作者
Roberto Buscemi,Pol Martínez-Balart,Diana Bura,Marina Díaz-Ruiz,Jaime Moreno-González,Erick M. C. Pinheiro,James J. Douglas,Cristina Trujillo,Giacomo E. M. Crisenza
摘要
Ring-opening C–N bond cleavage reactions provide an effective means to convert widespread, readily accessible chiral N -heterocycles into hard-to-attain stereodefined linear amines. Current strategies either rely on the strain-induced release of small aziridine and azetidine rings or, for larger ring systems, require highly electrophilic reagents, oxidative conditions, or preinstalled reactive functionalities to enable the ring-opening event. Recently, complementary radical strategies that exploit the reactivity of α-amino-ketyl radicals, formed upon single-electron transfer (SET) reduction of common N -carbonyl protecting groups, have emerged.
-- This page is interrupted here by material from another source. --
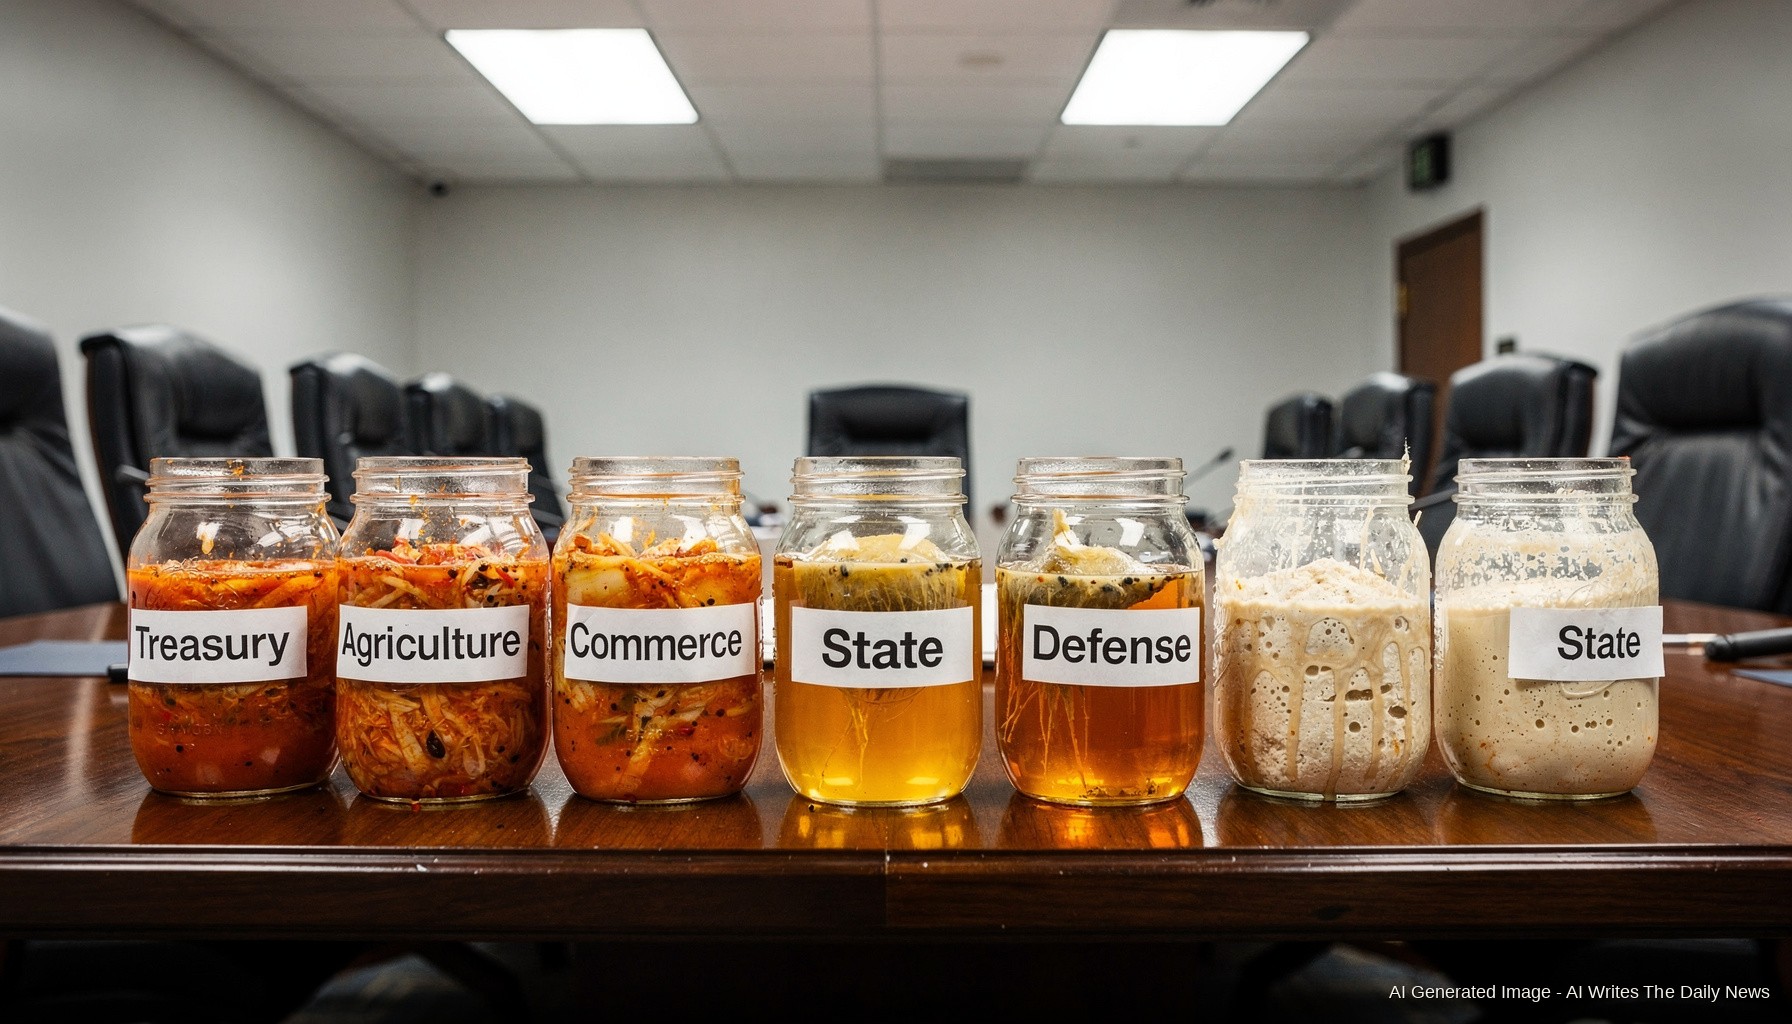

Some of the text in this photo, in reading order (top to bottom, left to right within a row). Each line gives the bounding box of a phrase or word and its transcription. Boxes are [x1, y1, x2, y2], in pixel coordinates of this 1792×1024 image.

Nevertheless, these methods facilitate the homolytic fragmentation only of up to 5-membered azacycles. In this study, we leveraged electroreductive conditions to switch the nature of the above C–N bond cleavage manifold from radical to ionic and enable the heterolytic ring-opening of a broad array of unstrained cyclic amines (comprising pyrrolidines, piperidines, azepines, azocanes, and N -macrocycles), protected as N -(thio)amides, carbamates, or ureas. Crucially, this electrochemically enabled reactivity switch grants complementary functional group compatibility and a broader ring size and N -carbonyl group scope. Computational and experimental studies indicate that electrochemical settings are crucial for generating the Mg(II)-Lewis acid catalyst, activating the N -carbonyl moiety while prompting the so-formed oxy-iminium ion intermediates to undergo two consecutive cathodic SET reductions, generating “umpoled” α-amino-α-oxy-carbanion species. These, via irreversible E1cB fragmentation of the adjacent C–N bond, lead to the desired ring-opened products. Our electrochemical procedure can be scaled up and miniaturized (enabling its application to high-throughput experimentation screening), and its synthetic utility has been demonstrated by accessing decorated stereodefined linear amides from stereochemically rich pyrrolidine and azepane derivatives.